I also work in Law Enforcement in Victoria and have done so for 22 years. I thoroughly enjoy reading your articles and I am so pleased that CAA exists. We need more organisations and people of your calibre and perseverance to ensure that the government and it’s agencies are held to account on matters such as this. Well done!!
Keep up the great work that you do in holding the government to account. You are all well qualified to do so.
Kind regards
Justin O’Donnell
There are too many murder charges down graded to manslaughter by plea bargaining. Just a way of saving Court Time. There is no justice system in Victoria it is a legal system. There are many historical sex offences presented to trial without corroborating evidence that should not have been presented. The Victorian DDP failed in the Covid case where the where the Work Cover Authority was charged with offences. The offences have a two year statute of limitation. The DDP delayed the case and relied on statement of the Coates Inquiry which were gained under compulsory evidence without a caution. The case against the Work Cover Authority could not proceed because statements were not re taken and the statute limitation of two years had expired.
What a surprise. There should be a ROYAL COMMISSION into the DDP in Victoria. Now Judd is a supreme Court Judge. something stinks in Victoria.
Without doubt committals are a thing of the past. They have been described as ‘a free hit for the defence’ by a County Court judge. I remember Magistrate Phillip Goldberg dismissing charges only to have the DPP directly present and have a finding of guilt by a jury.
Reducing committals though admirable I don’t trust this government at all. Will they then say the reduction is cases in the lower courts reduces the need for police prosecutors and has they have a lot of their lawyer friends without jobs, reduce police prosecutors and install the new solicitors. How many cases that are not tested at committal will be dropped before trial by the dpp without anyone hearing any of the evidence.
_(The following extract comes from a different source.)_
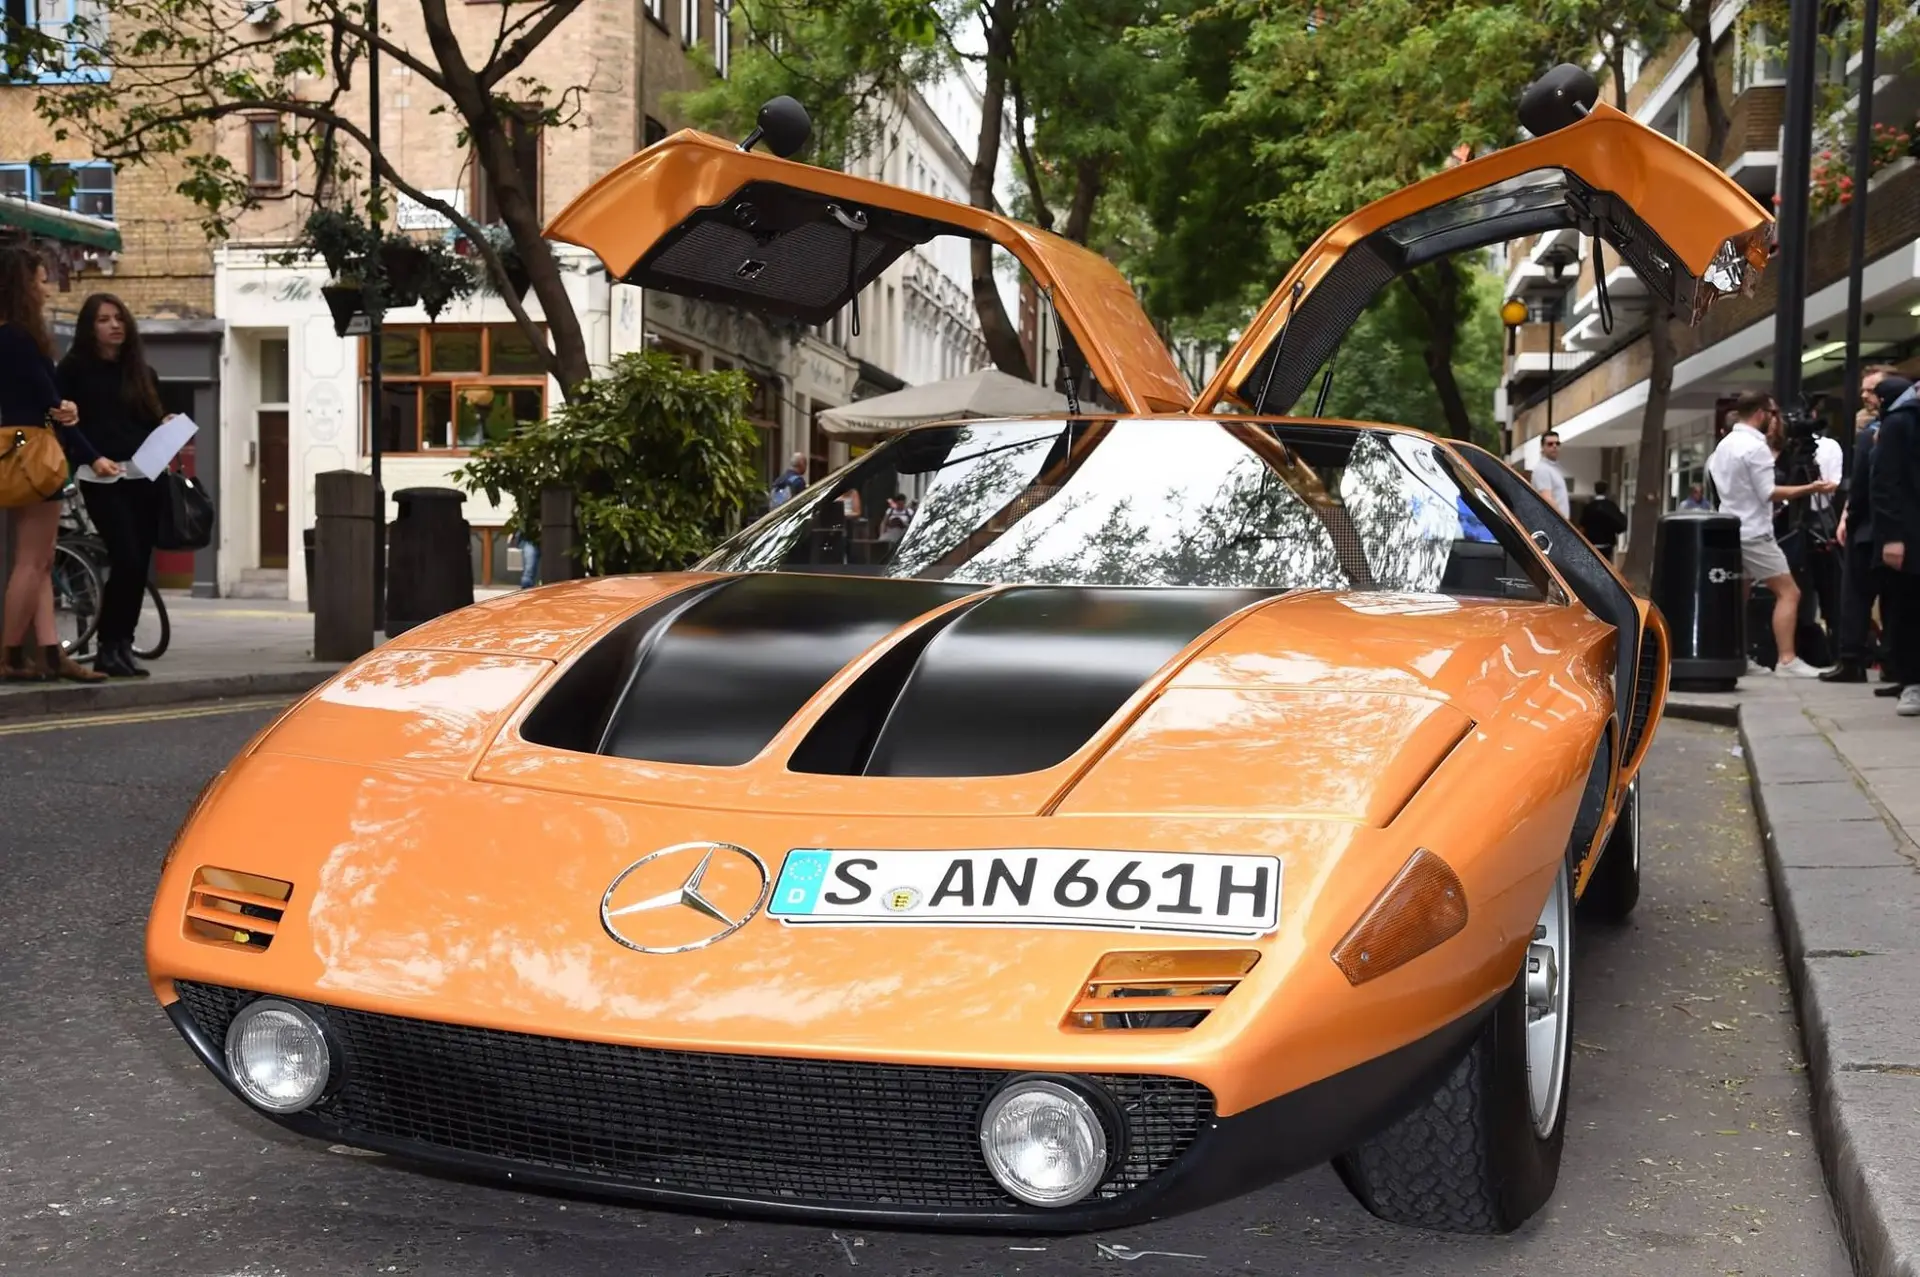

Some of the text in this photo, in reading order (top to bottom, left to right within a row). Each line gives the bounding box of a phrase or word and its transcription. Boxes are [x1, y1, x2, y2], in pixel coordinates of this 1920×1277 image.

[787, 888, 806, 904] D
[824, 858, 878, 905] S
[928, 857, 1038, 907] AN
[1053, 858, 1269, 918] 661H
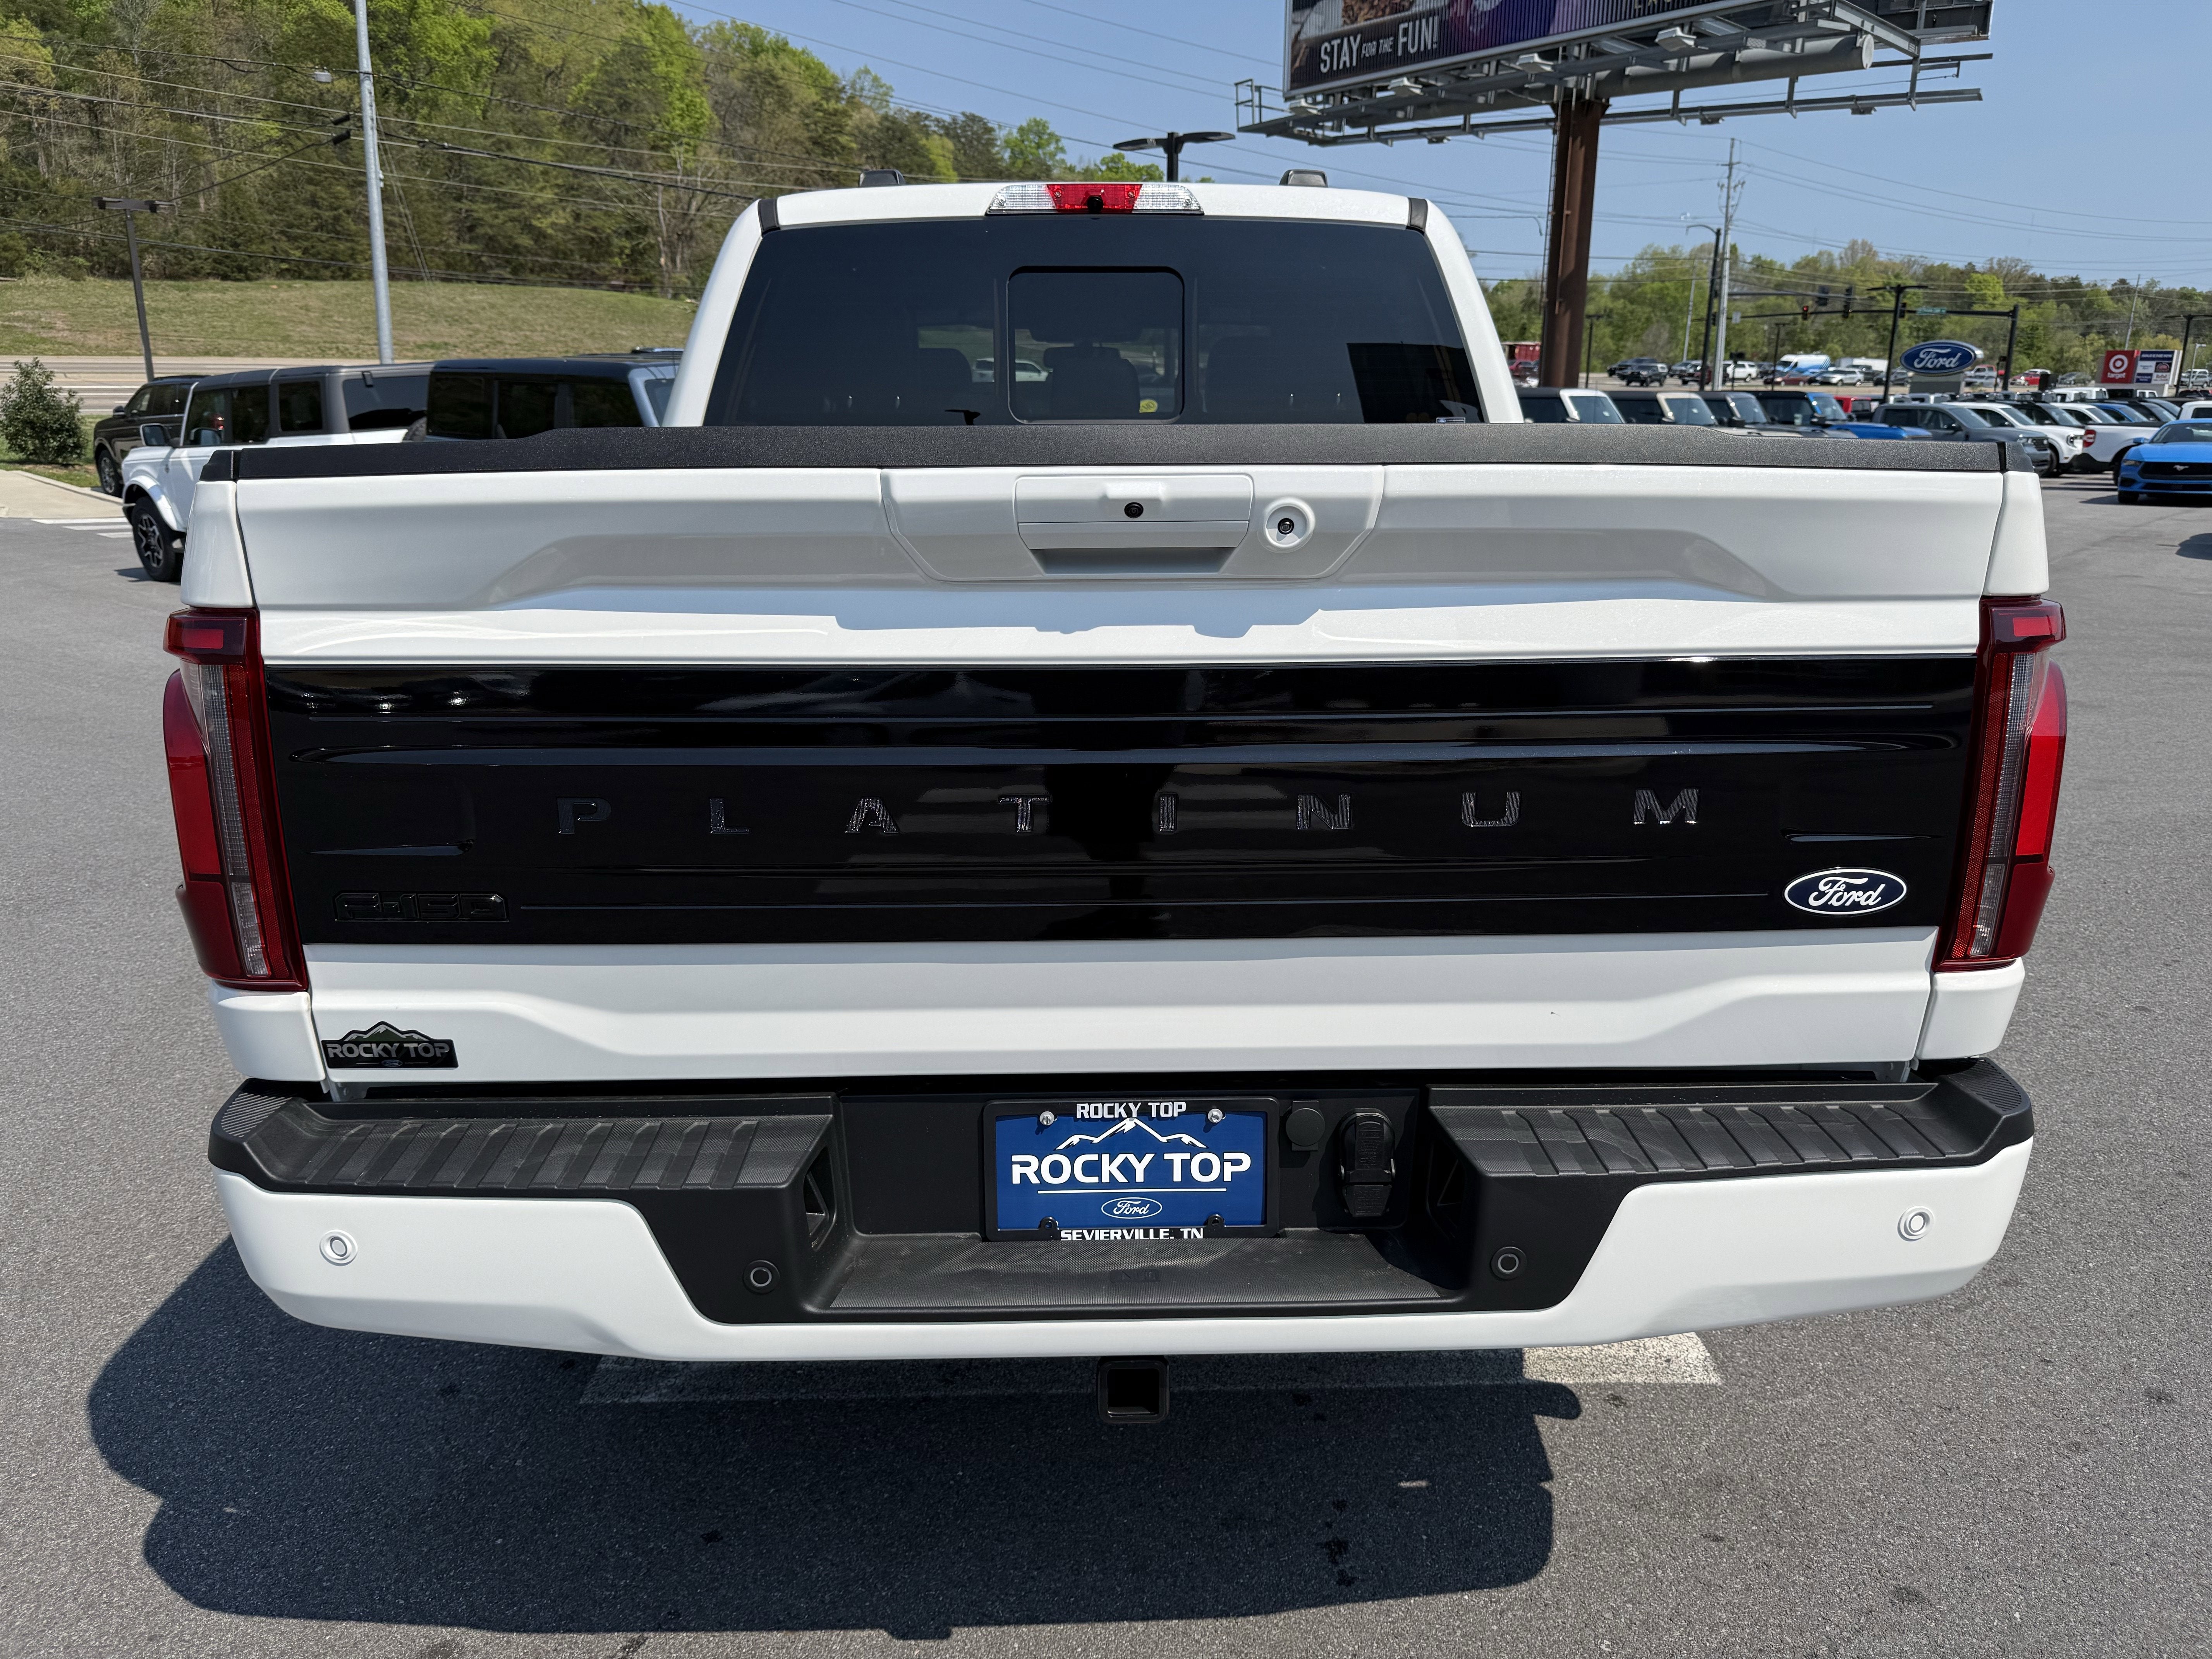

The hand up brief certainly reduced time but lawyers have been known to string them out for extra payments. The legal bills and costs in this state are eye watering. Giving police prosecutors the flick at all levels will put more police on the street and reduce costs. This state spends 30 times more on legal aid than on crime prevention and drug harm advertising. Sad but true. We need to keep a very close eye on the next move by the government.
An important and timely commentary on a clearly flawed and ultimately community justice denying mechanism.